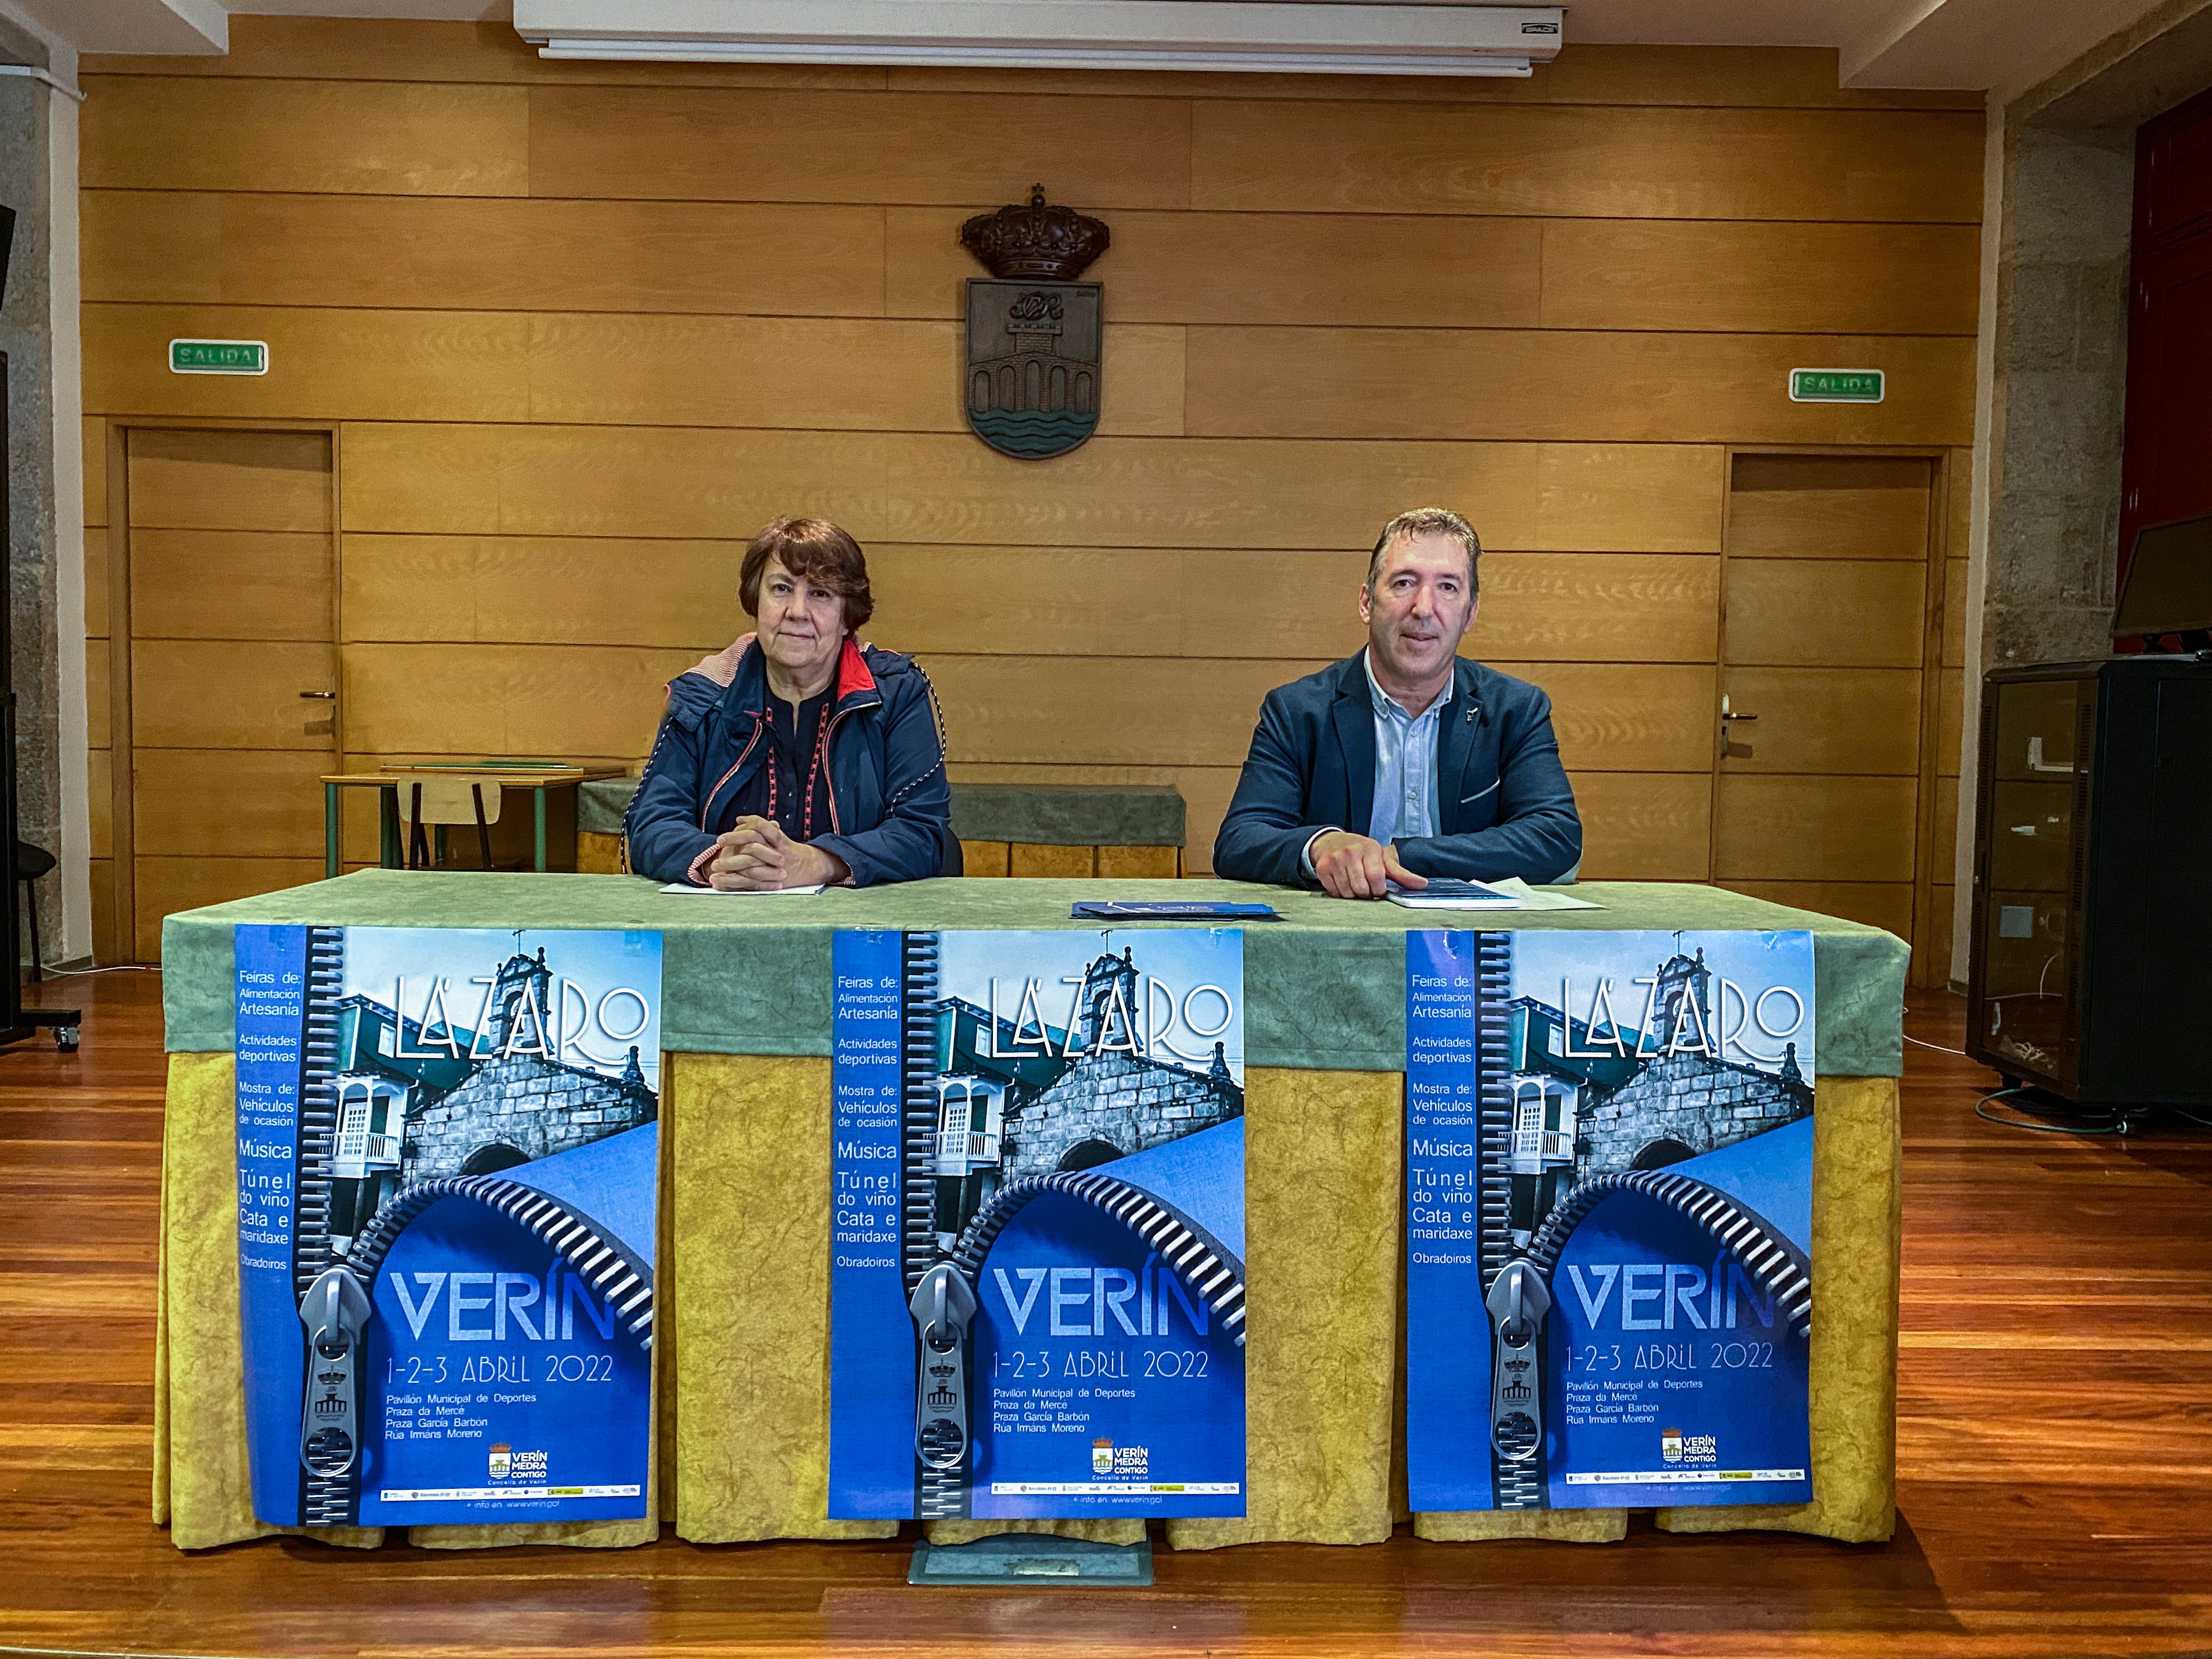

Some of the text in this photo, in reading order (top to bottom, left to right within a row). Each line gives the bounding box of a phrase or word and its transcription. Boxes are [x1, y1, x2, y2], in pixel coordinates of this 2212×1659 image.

[180, 348, 251, 363] SALIDA
[1805, 377, 1874, 391] SALIDA
[240, 970, 301, 984] Feiras de:
[839, 977, 897, 988] Feiras de:
[1413, 975, 1471, 987] Feiras de:
[240, 988, 300, 999] Alimentación
[838, 992, 897, 1003] Alimentación
[1413, 991, 1471, 1002] Alimentación
[240, 1002, 299, 1015] Artesanía
[839, 1006, 897, 1019] Artesanía
[1413, 1004, 1471, 1018] Artesanía
[396, 976, 649, 1065] LÁZARO
[991, 976, 1233, 1061] LÁZARO
[1564, 977, 1804, 1062] LÁZARO
[240, 1034, 296, 1046] Actividades
[839, 1038, 897, 1048] Actividades
[1413, 1037, 1471, 1047] Actividades
[239, 1049, 296, 1064] deportivas
[839, 1053, 897, 1067] deportivas
[1413, 1052, 1471, 1065] deportivas
[240, 1081, 295, 1094] Mostra de:
[839, 1085, 897, 1096] Mostra de:
[1413, 1083, 1472, 1094] Mostra de:
[240, 1098, 294, 1112] Vehículos
[839, 1100, 897, 1113] Vehículos
[1413, 1098, 1472, 1111] Vehículos
[239, 1114, 293, 1126] de ocasión
[838, 1116, 897, 1127] de ocasión
[1413, 1114, 1472, 1125] de ocasión
[240, 1139, 291, 1158] Música
[839, 1140, 896, 1159] Música
[1414, 1138, 1472, 1156] Música
[240, 1169, 290, 1189] Túnel
[837, 1170, 896, 1189] Túnel
[1413, 1168, 1472, 1186] Túnel
[240, 1190, 289, 1207] do viño
[838, 1190, 896, 1206] do viño
[1413, 1188, 1472, 1203] do viño
[240, 1208, 288, 1227] Cata e
[837, 1211, 895, 1226] Cata e
[1413, 1207, 1472, 1223] Cata e
[240, 1230, 288, 1244] maridaxe
[837, 1230, 896, 1242] maridaxe
[1413, 1227, 1472, 1239] maridaxe
[240, 1254, 286, 1270] Obradoiros
[837, 1256, 895, 1267] Obradoiros
[1413, 1253, 1471, 1263] Obradoiros
[993, 1252, 1208, 1336] VERÍN
[1567, 1249, 1776, 1331] VERÍN
[390, 1256, 615, 1341] VERÍN
[1567, 1345, 1620, 1371] 1-2-3
[1711, 1342, 1772, 1368] 2022
[387, 1357, 447, 1383] 1-2-3
[546, 1355, 612, 1381] 2022
[993, 1351, 1049, 1377] 1-2-3
[1144, 1351, 1207, 1377] 2022
[1604, 1381, 1643, 1391] Municipal
[1648, 1380, 1658, 1388] de
[1664, 1380, 1702, 1390] Deportes
[428, 1394, 470, 1405] Municipal
[477, 1394, 488, 1403] de
[494, 1394, 536, 1404] Deportes
[1032, 1388, 1073, 1400] Municipal
[1078, 1388, 1089, 1397] de
[1095, 1388, 1135, 1399] Deportes
[1567, 1394, 1590, 1402] Praza
[1596, 1393, 1606, 1401] da
[386, 1407, 412, 1416] Praza
[419, 1406, 431, 1415] da
[994, 1400, 1018, 1409] Praza
[1567, 1405, 1590, 1413] Praza
[994, 1412, 1018, 1421] Praza
[1623, 1414, 1654, 1423] Moreno
[386, 1419, 412, 1428] Praza
[1052, 1423, 1084, 1432] Moreno
[447, 1429, 482, 1438] Moreno
[1683, 1435, 1715, 1446] VERÍN
[512, 1450, 547, 1461] VERÍN
[1115, 1446, 1148, 1458] VERÍN

══════════════════════════════

◆ DIRECTIONS FOR THIS TASK: Leave out every picture and copy the rest of the records exactly.

◆ TASK ANSWER:
Some of the text in this photo, in reading order (top to bottom, left to right within a row). Each line gives the bounding box of a phrase or word and its transcription. Boxes are [x1, y1, x2, y2], in pixel coordinates of this 2212×1659 image.

[180, 348, 251, 363] SALIDA
[1805, 377, 1874, 391] SALIDA
[240, 970, 301, 984] Feiras de:
[839, 977, 897, 988] Feiras de:
[1413, 975, 1471, 987] Feiras de:
[240, 988, 300, 999] Alimentación
[838, 992, 897, 1003] Alimentación
[1413, 991, 1471, 1002] Alimentación
[240, 1002, 299, 1015] Artesanía
[839, 1006, 897, 1019] Artesanía
[1413, 1004, 1471, 1018] Artesanía
[396, 976, 649, 1065] LÁZARO
[991, 976, 1233, 1061] LÁZARO
[1564, 977, 1804, 1062] LÁZARO
[240, 1034, 296, 1046] Actividades
[839, 1038, 897, 1048] Actividades
[1413, 1037, 1471, 1047] Actividades
[239, 1049, 296, 1064] deportivas
[839, 1053, 897, 1067] deportivas
[1413, 1052, 1471, 1065] deportivas
[240, 1081, 295, 1094] Mostra de:
[839, 1085, 897, 1096] Mostra de:
[1413, 1083, 1472, 1094] Mostra de:
[240, 1098, 294, 1112] Vehículos
[839, 1100, 897, 1113] Vehículos
[1413, 1098, 1472, 1111] Vehículos
[239, 1114, 293, 1126] de ocasión
[838, 1116, 897, 1127] de ocasión
[1413, 1114, 1472, 1125] de ocasión
[240, 1139, 291, 1158] Música
[839, 1140, 896, 1159] Música
[1414, 1138, 1472, 1156] Música
[240, 1169, 290, 1189] Túnel
[837, 1170, 896, 1189] Túnel
[1413, 1168, 1472, 1186] Túnel
[240, 1190, 289, 1207] do viño
[838, 1190, 896, 1206] do viño
[1413, 1188, 1472, 1203] do viño
[240, 1208, 288, 1227] Cata e
[837, 1211, 895, 1226] Cata e
[1413, 1207, 1472, 1223] Cata e
[240, 1230, 288, 1244] maridaxe
[837, 1230, 896, 1242] maridaxe
[1413, 1227, 1472, 1239] maridaxe
[240, 1254, 286, 1270] Obradoiros
[837, 1256, 895, 1267] Obradoiros
[1413, 1253, 1471, 1263] Obradoiros
[993, 1252, 1208, 1336] VERÍN
[1567, 1249, 1776, 1331] VERÍN
[390, 1256, 615, 1341] VERÍN
[1567, 1345, 1620, 1371] 1-2-3
[1711, 1342, 1772, 1368] 2022
[387, 1357, 447, 1383] 1-2-3
[546, 1355, 612, 1381] 2022
[993, 1351, 1049, 1377] 1-2-3
[1144, 1351, 1207, 1377] 2022
[1604, 1381, 1643, 1391] Municipal
[1648, 1380, 1658, 1388] de
[1664, 1380, 1702, 1390] Deportes
[428, 1394, 470, 1405] Municipal
[477, 1394, 488, 1403] de
[494, 1394, 536, 1404] Deportes
[1032, 1388, 1073, 1400] Municipal
[1078, 1388, 1089, 1397] de
[1095, 1388, 1135, 1399] Deportes
[1567, 1394, 1590, 1402] Praza
[1596, 1393, 1606, 1401] da
[386, 1407, 412, 1416] Praza
[419, 1406, 431, 1415] da
[994, 1400, 1018, 1409] Praza
[1567, 1405, 1590, 1413] Praza
[994, 1412, 1018, 1421] Praza
[1623, 1414, 1654, 1423] Moreno
[386, 1419, 412, 1428] Praza
[1052, 1423, 1084, 1432] Moreno
[447, 1429, 482, 1438] Moreno
[1683, 1435, 1715, 1446] VERÍN
[512, 1450, 547, 1461] VERÍN
[1115, 1446, 1148, 1458] VERÍN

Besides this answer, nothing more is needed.